MGen Sir SB Steele KCMG, CB, MVO (1849 – 1919)

In 1849, Samuel Benfield Steele was born in Purbrook, Ontario, the son of a retired Royal Navy Captain.  Following family, military tradition, he enlisted in the Simcoe Militia during the Fenian Raids of 1866.  He preferred to serve in the ranks to gain experience.  As a private, he accompanied Wolseley on his expedition to the Red River.

Upon his return to Ontario, still interested in the military, he was one of the first to enlist in the first Canadian regular army unit, A Battery of the Royal Canadian Artillery.  An active and robust soldier, young Sam Steele was quick to master a measure of the gunner’s art and was soon promoted to sergeant.

In August 1873, they laid plans for the creation of the North-West Mounted Police.  Steele received a discharge from the Artillery and joined the NWMP.  He joined with Lieutenant-Colonel French, who was the first commissioner of the NWMP.  Steele was the third man to enlist.  He took part in the great western march of the North-West Mounted Police in 1874, travelling over 1,255 miles on horseback.

In April 1885, Superintendent Steele’s duties involved policing the area through which the Canadian Pacific Railway was being built, enforcing prohibition, and generally keeping order.  When the North-West Rebellion broke out, he organized a mounted force called “Steele’s Scouts.”  He commanded the cavalry that went in pursuit of Big Bear.

In 1887, he went to the Kootenays, where American miners clashed with the natives.  Here he established Fort Steele, now a historical park.  During the Klondike Gold Rush, Steele went north to police the mountain passes connecting the Alaskan seacoast and the Canadian goldfields.  His exploits in the Klondike are legendary.  Many authors have written stirring accounts of “Smooth Bore Steele,” a nickname referring to his gunner origin.

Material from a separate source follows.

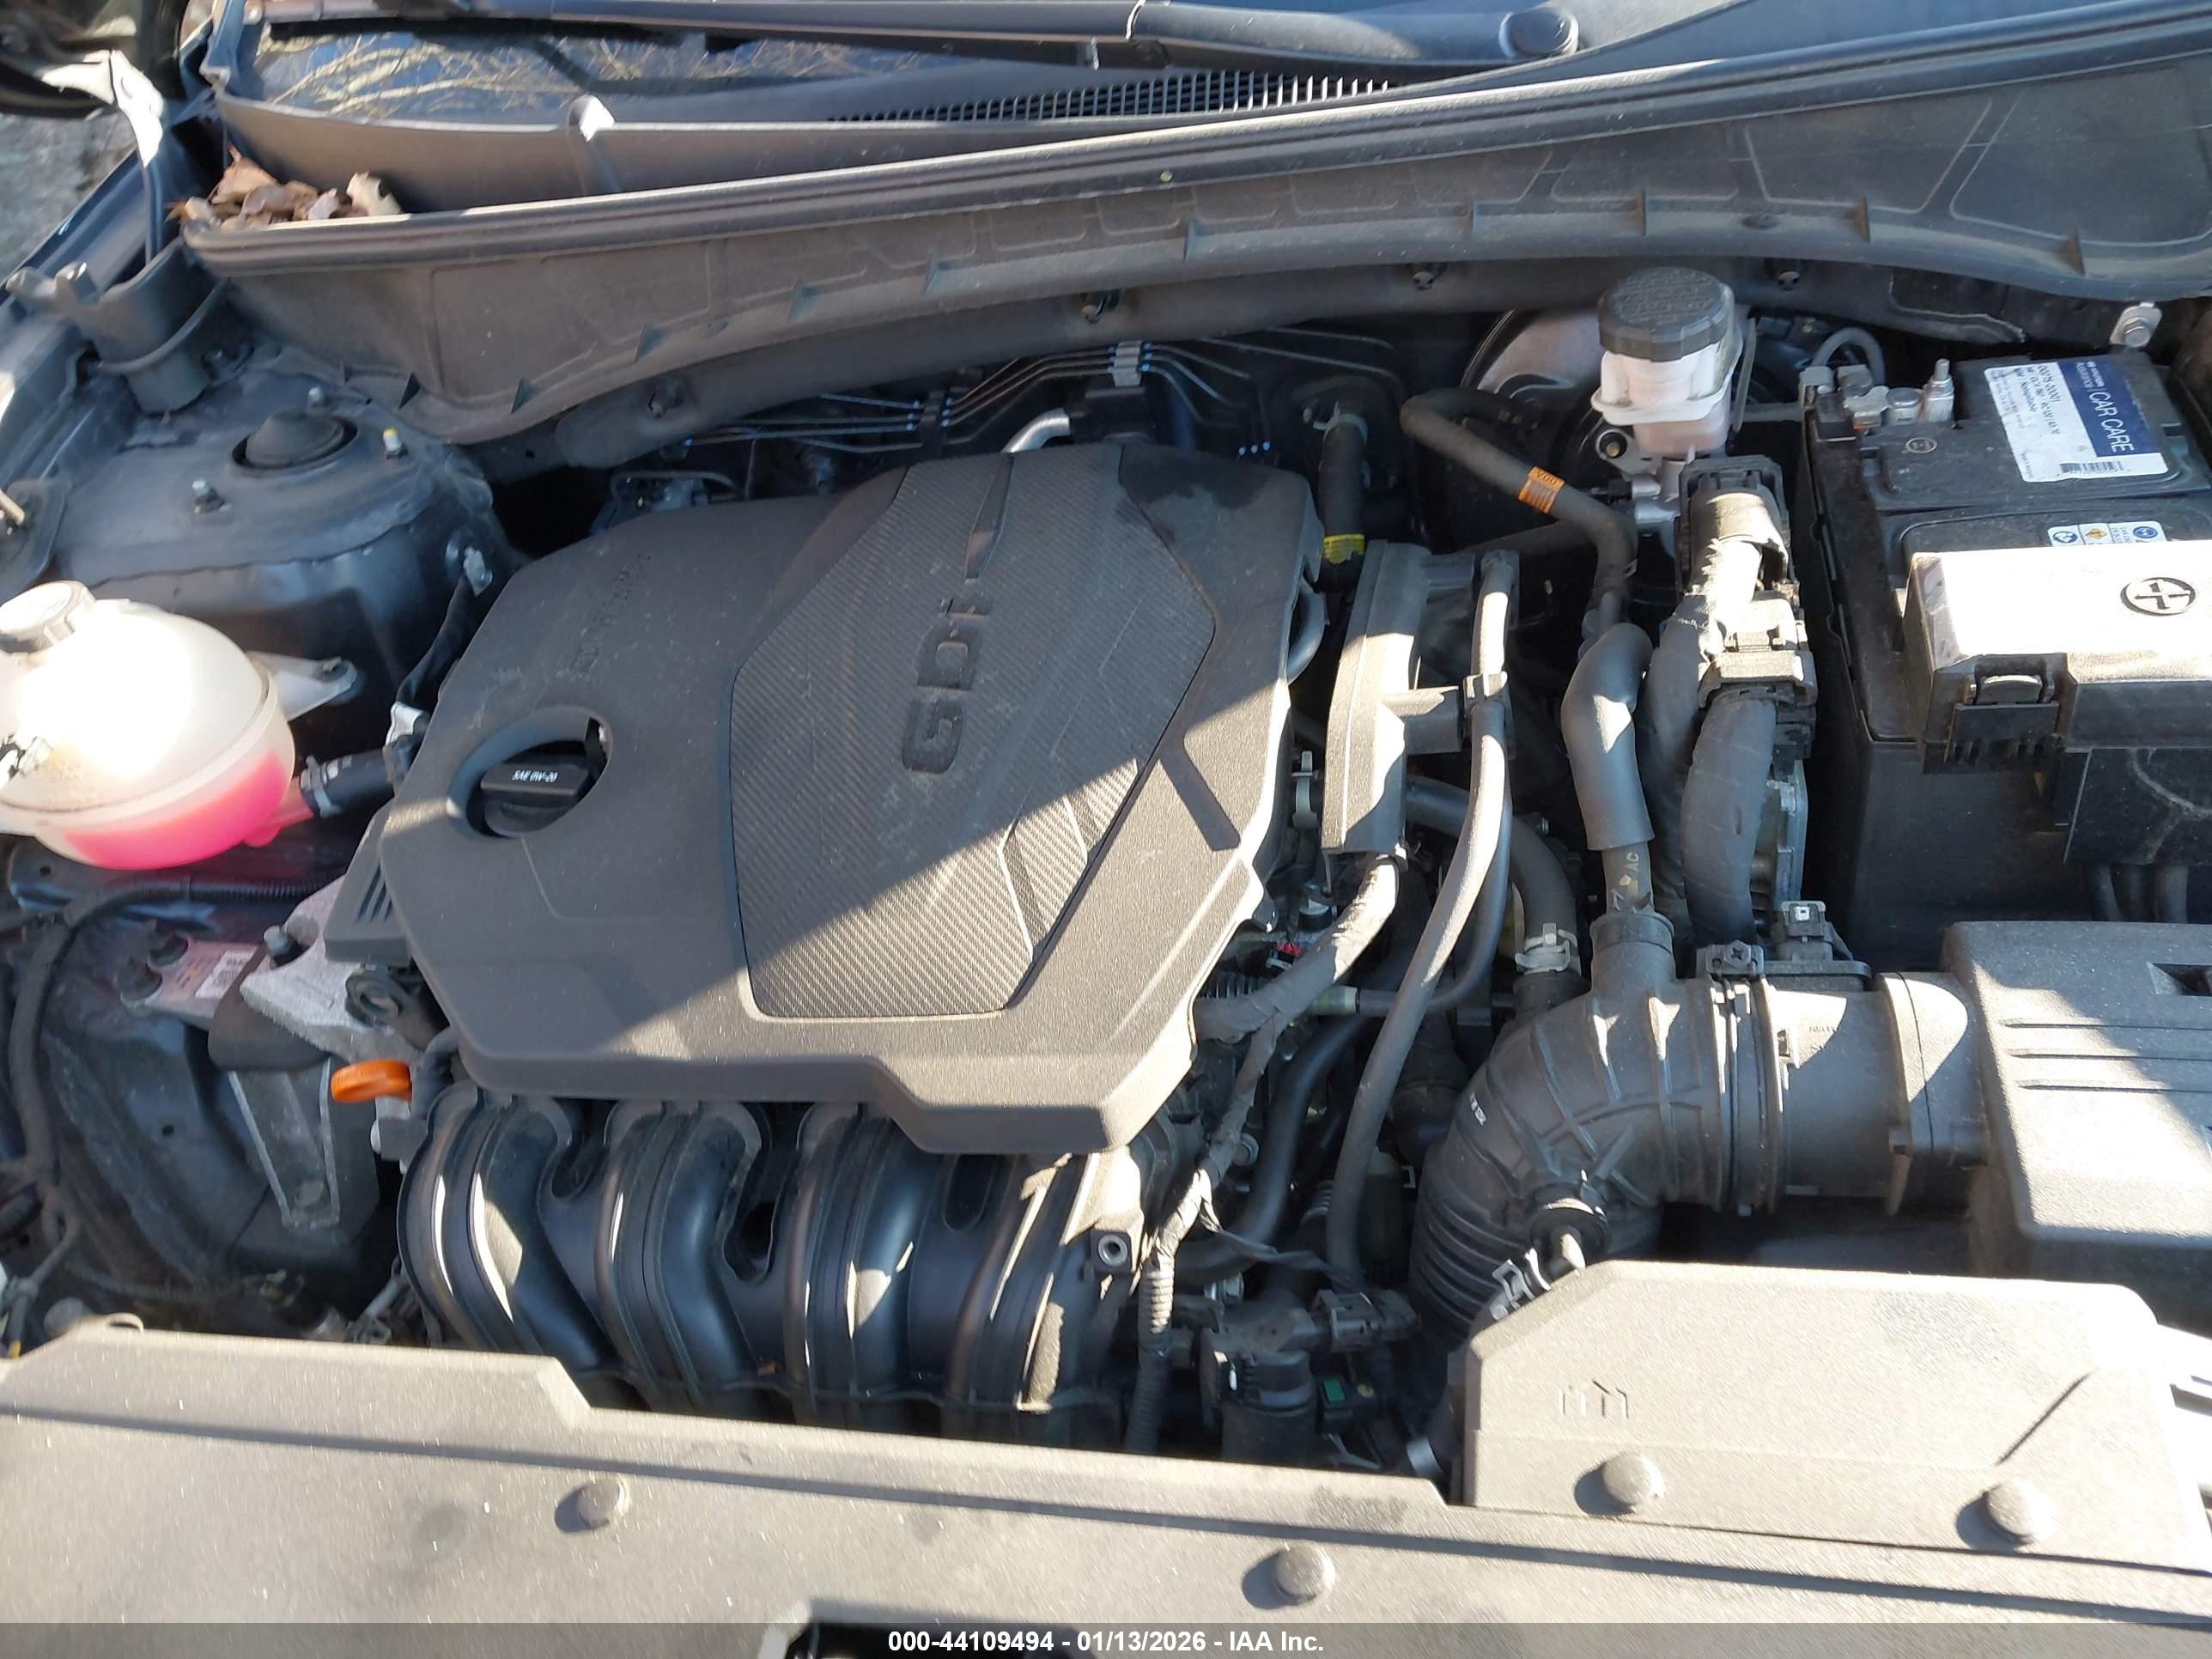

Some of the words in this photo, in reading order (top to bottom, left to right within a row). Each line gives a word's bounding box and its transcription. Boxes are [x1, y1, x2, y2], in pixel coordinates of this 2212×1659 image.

[2088, 392, 2118, 417] CAR
[2101, 418, 2135, 453] CARE
[512, 769, 532, 781] SAE
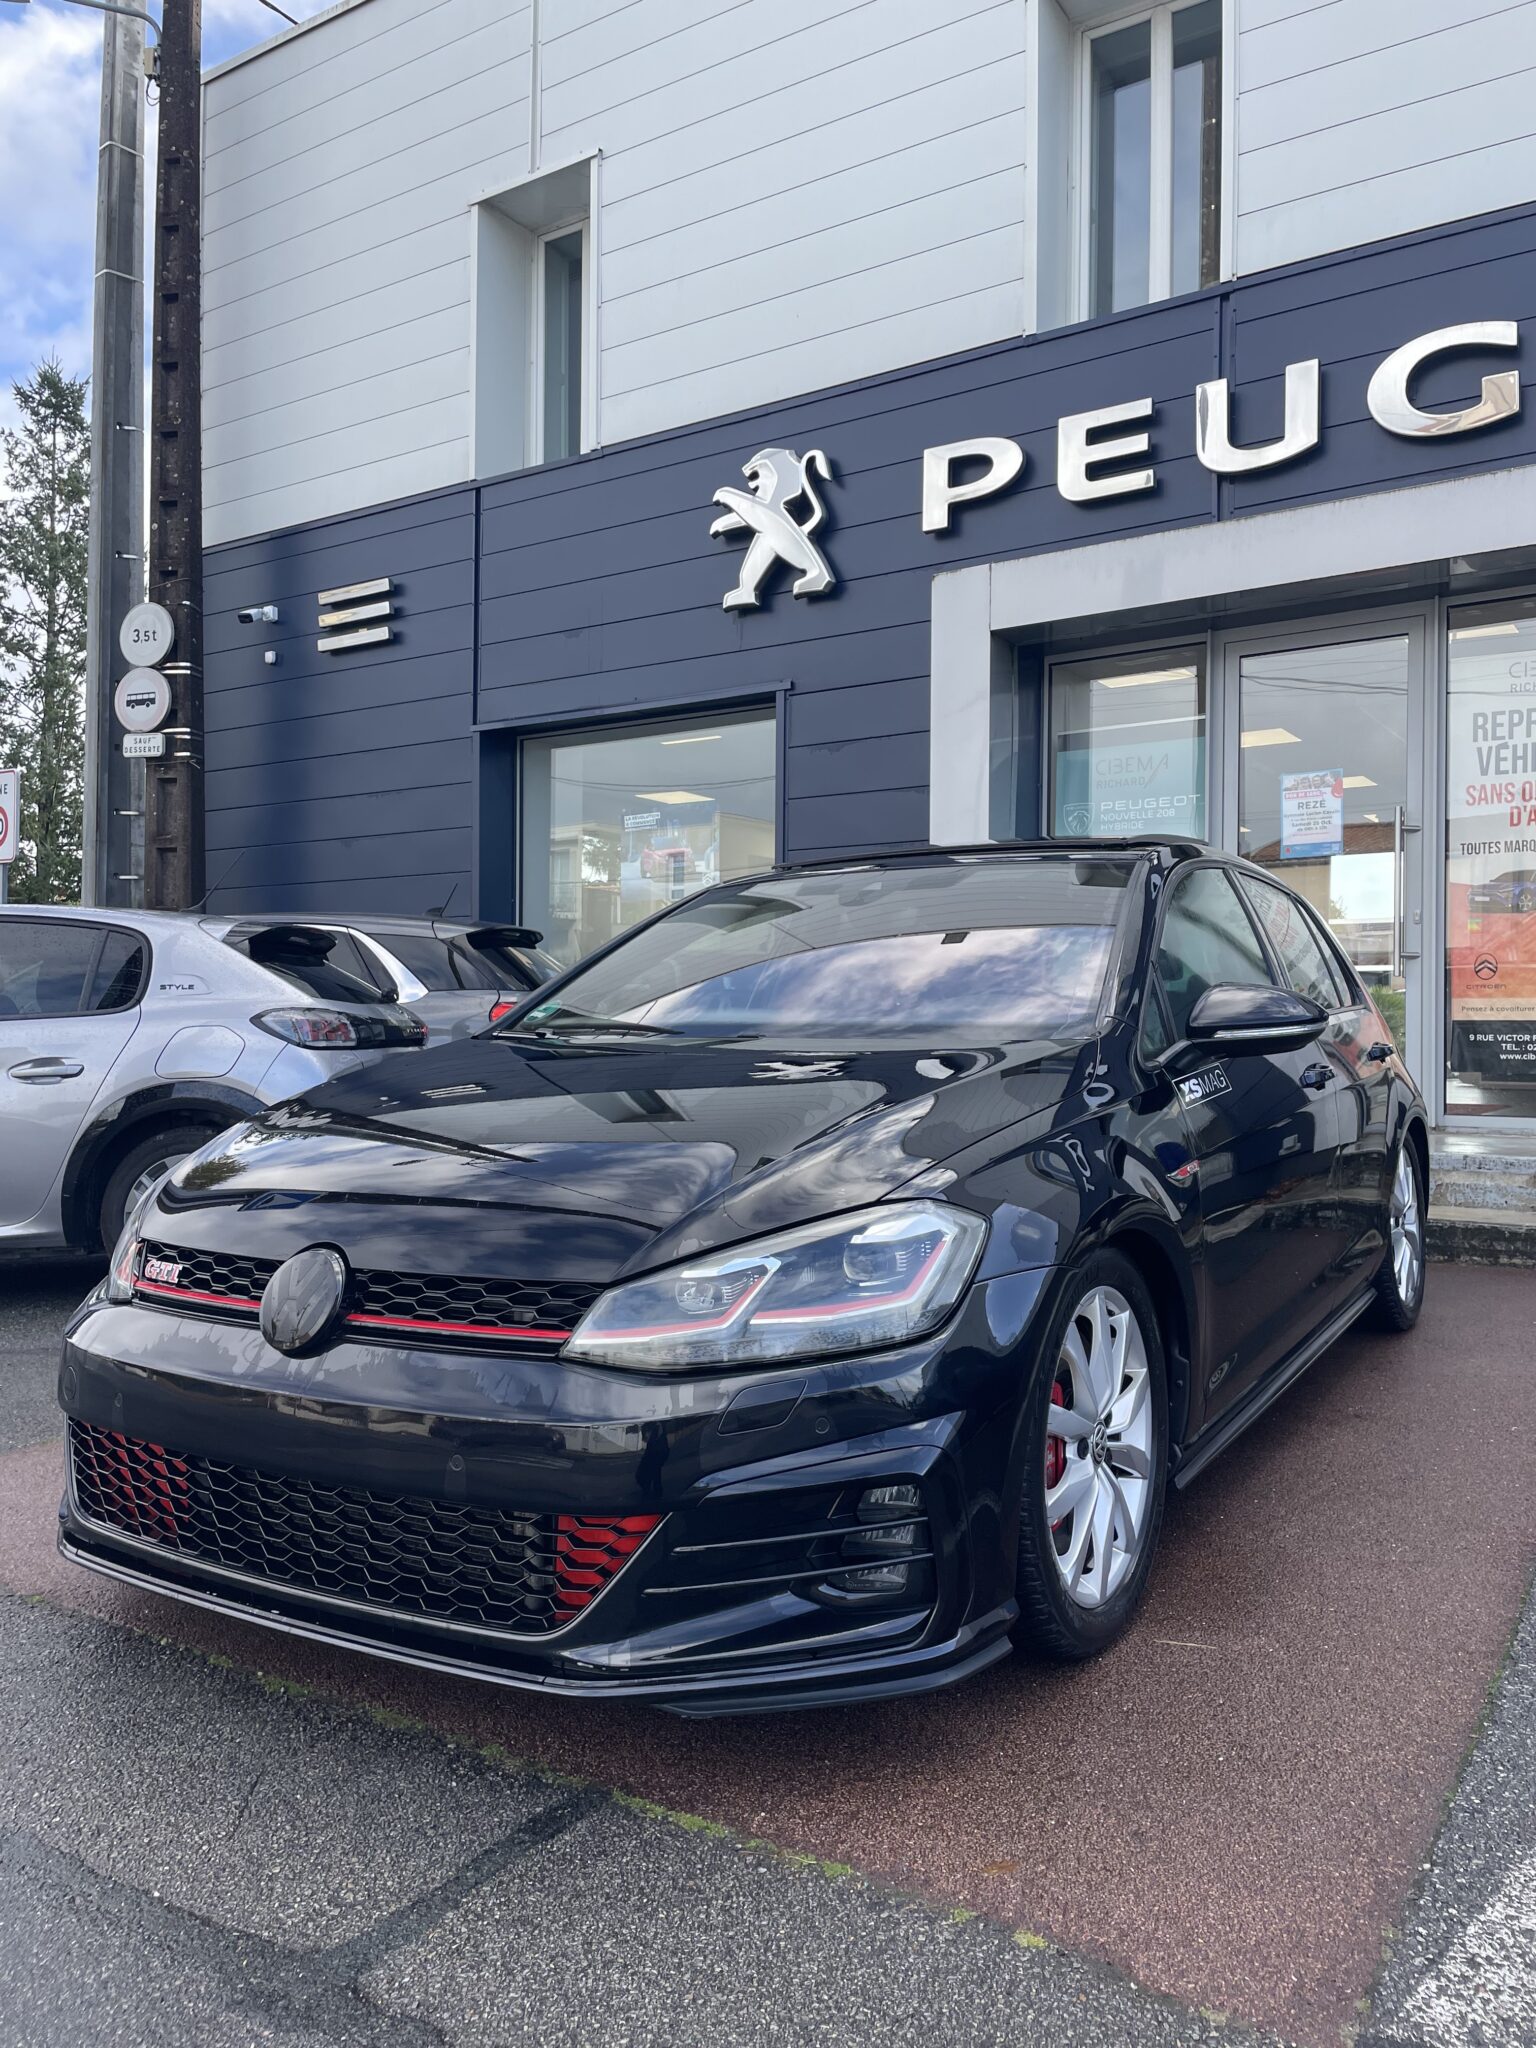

War broke out in South Africa in 1899.  Steele resigned from the North-West Mounted Police to become the founding commander of Lord Strathcona’s Horse in 1899.  After the war, he remained in South Africa to command the Transvaal Section of the South African Mounted Constabulary.

He returned to Canada in 1906 and joined the Permanent Force, commanding, in turn, the Calgary and Winnipeg Military Districts and rising to the rank of Major-General.  In 1914, he became Inspector General for Western Canada, responsible for the training of western troops for the Second Contingent of the Canadian Expeditionary Force.  He commanded the 2nd Canadian Division and accompanied it to England, although he did not go to the front.  He remained as commander of the Shorncliffe Area and, after the hostilities ceased, retired from the army in 1918.

Retirement did not sit well with Sam Steele.  Nearing seventy years of age, he died on 30 January 1919, in London, England, given a hero’s funeral.  With his death, the Canadian West would never again be the same, and other figures would pale by comparison.  His life and times loom large in Canadian history.

His early days with the Canadian Artillery contributed to what he was and what he became.  Through men like him, The Royal Regiment played a significant role in the opening of the Canadian West.  He was one of a kind.